It's done - finished - finito - what do ya think ? Let me know on the comments system if you be so kind . . .

Cheers

Our survey said . .

Seems that the Police have a few weeks of sticky shit to wade through as they are dragged into the news regarding the DeMenezes shooting. It is being said the Brazilian electrician had not fled from police as initially claimed, nor had he hurdled a ticket barrier. Now this shocks me a little - as DeMenezes was shot in the train itself - so how did he get there - on top of this there are pictures of him dead being circulated in the Brazillian news - How the fuck did this happen?

On top of this it is also reported that Scotland Yard heavily defended against the IPCC looking into the incident - I cant blame them and if im honest i feel sorry for the Police - At that time they were under intense pressure to protect the British public and catch the terrorists who had firstly bombed London on the 7th July and then w
ho tried again on the 21st. They were nervous and tetchy as they were firsty in danger and secondly being scrutinised by us al as we want to feel safe. I personally cried a "woop" when it was reported that DeMenezes (then anonymous) was shot - I was pleased that he had died - I didnt know the full story.

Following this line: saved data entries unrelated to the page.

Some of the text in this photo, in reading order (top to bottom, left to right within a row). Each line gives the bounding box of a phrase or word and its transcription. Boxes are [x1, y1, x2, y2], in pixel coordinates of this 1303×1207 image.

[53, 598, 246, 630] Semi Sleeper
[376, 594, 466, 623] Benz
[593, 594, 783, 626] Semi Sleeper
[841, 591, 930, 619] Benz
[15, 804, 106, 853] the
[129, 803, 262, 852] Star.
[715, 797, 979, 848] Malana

Now it seems the Police thatnks to our own red tape will be dragged into a slanging match and then penalised for shooting this bloke - They were protecting us - Why cant we see that? A man died - an innocent man died - a Brazillian man died - So ? - 50 odd people died in the bombings - So did 100's in the IRA years - nearly 3000 died on 9/11.

One mans mistaken death cannot overshadow what is the bigger picture. We will not be governed or become afraid of commuting in our own capital - We are not afraid and i ask one thing of the IPCC - Take a close look at the obituary's of the 52 that died and ask yourself if we really want to make the Police the scapegoat for what is Al-Qaeda's whole reason for starting this plot on th ewestern world - Do you think we can stick together on this please - For all our sakes?.

Thursday, August 18, 2005

Yay woo and a massive Hooouplaa!

Yes - spent a little time at lunch sorting out this new template - I think ya'll all agree it's pretty sweet and loads 20x quicker then the old pile of muck - i'll try to be good and not mess it up with all those rank 88x31 gifs and shite - Im still looking for an IP blocker - One or two visitors are not welcome here - So if anyone knows a decent IP blocker then let it be known.

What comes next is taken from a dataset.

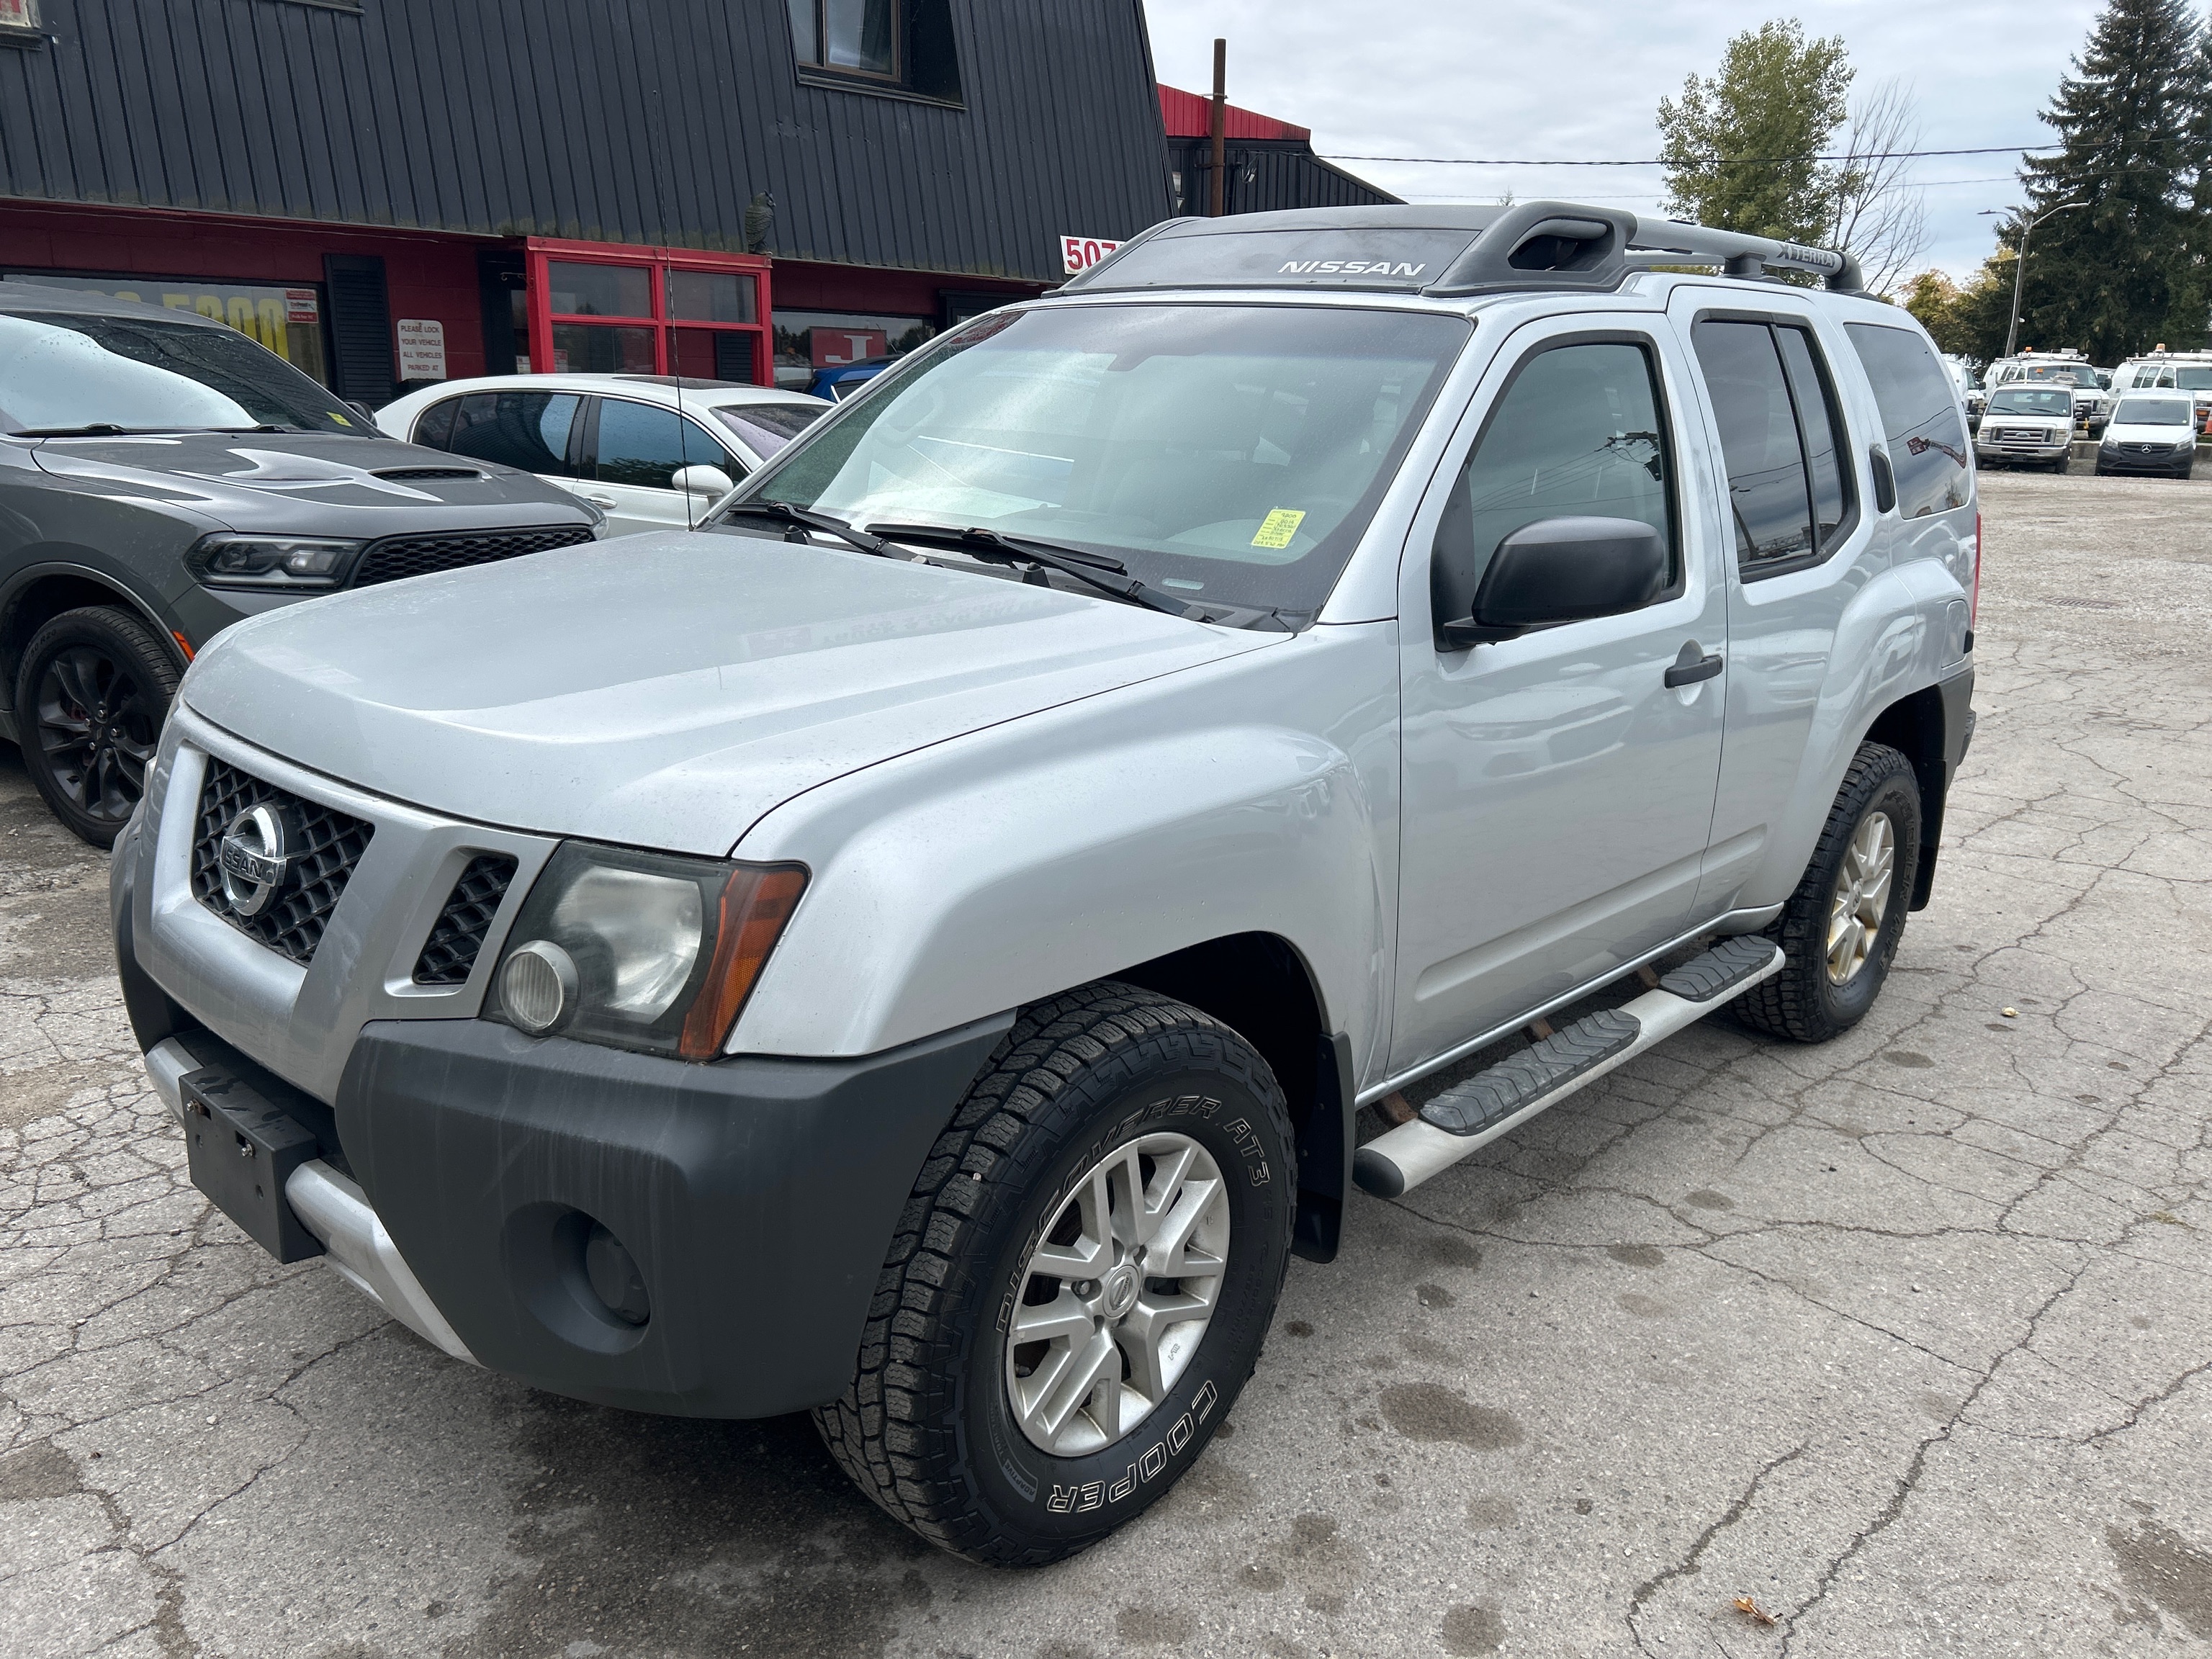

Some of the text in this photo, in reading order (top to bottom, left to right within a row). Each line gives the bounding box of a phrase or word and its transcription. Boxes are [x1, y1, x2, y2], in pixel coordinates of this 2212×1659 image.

[1277, 261, 1426, 276] NISSAN
[1776, 243, 1834, 266] XTERRA
[1223, 1118, 1270, 1187] AT3
[1047, 1380, 1218, 1513] COOPER

On a different issue i had some sound news today - may sort all my woes out -can't say too much as it's not def yet but it's all good - wooo yay - So back to reality - work is good which is nice - things are getting sold and making me money and i'm 1k off target and 25% - SS is back looking for work for me and she seems keen to help - i'll see what happens.

Its official - I'm back!

Got a call early from a friend of mine - Seems all is well - which is nice - must try a bit harder with them really - Its not their fault we've grown apart - obviously i need to go visit so whilst away this weekend i'll try and pop in. On the flatmate stuff - well its not easy is it - trouble is that these websites cost a bloody fortune and guess what im a tad short of bluey's. Ive got loads of responses but £29.50 for 10 days - thats bloody steep isnt it. I seem to have made an enemy in my old pal MP - Dunno where he has a problem - he owes me - and will owe me more at the end of the month - this is all kinda my fault - i knew it was a bad idea - how can you trust someone who just says stuff that keeps you off his back - TP i take what i said back!

Anyway - After that little word of advice - How is everyone lately - O and by the way im back - Some of you know me - and i know i get regular visitors from someone as i know your IP dont i! (you must realise that you can trace IP addresses or dont you !) by the way im getting a script to block unwanted snoopers ! - Must sort some stuff out thats been festering - and now im looking forward to a fresh start again - I aint moving - I'll pay the full rent if thats what i have to do - A help would be nice tho! So if you know anyone who would like to live in a cozy 2 bed flat - nicely furnished and who likes a beer nown and then and spend evenings watching hours of telly or old films - Then i'm ya man.

Tuesday, August 16, 2005

O whatever !

So what .... I got bored of being bored - My ADSL has hit a molehill - meaning some idiot decided to play god and cut me off - Now this is just a small pebble to roll over - and soon enough i'll be sorted - on top of that i dont have a fucking pc to work on - The ones yes ONES i have - all dont seem to work as they are all wanky Dells - need i say more

Thursday, August 04, 2005

Woo - Yay !


Woo - Yay !

Thanks to the chaps over at B3ta but Bananiel is a god and i had to share this genius with you - Mostly been trying to get some deals a going on at work but its desperately hard to get an interest with a customer who has cash dammit! Apart from that i need to have that 'chat' i was talking about - im less stressed about it all but still not happy at all - BW tells me shes staying with auntie this weekend - which is a good thing all round - i may blow a brain cell if life with the Warlies carries on this way - Every day gets worse - next stop hamsterville.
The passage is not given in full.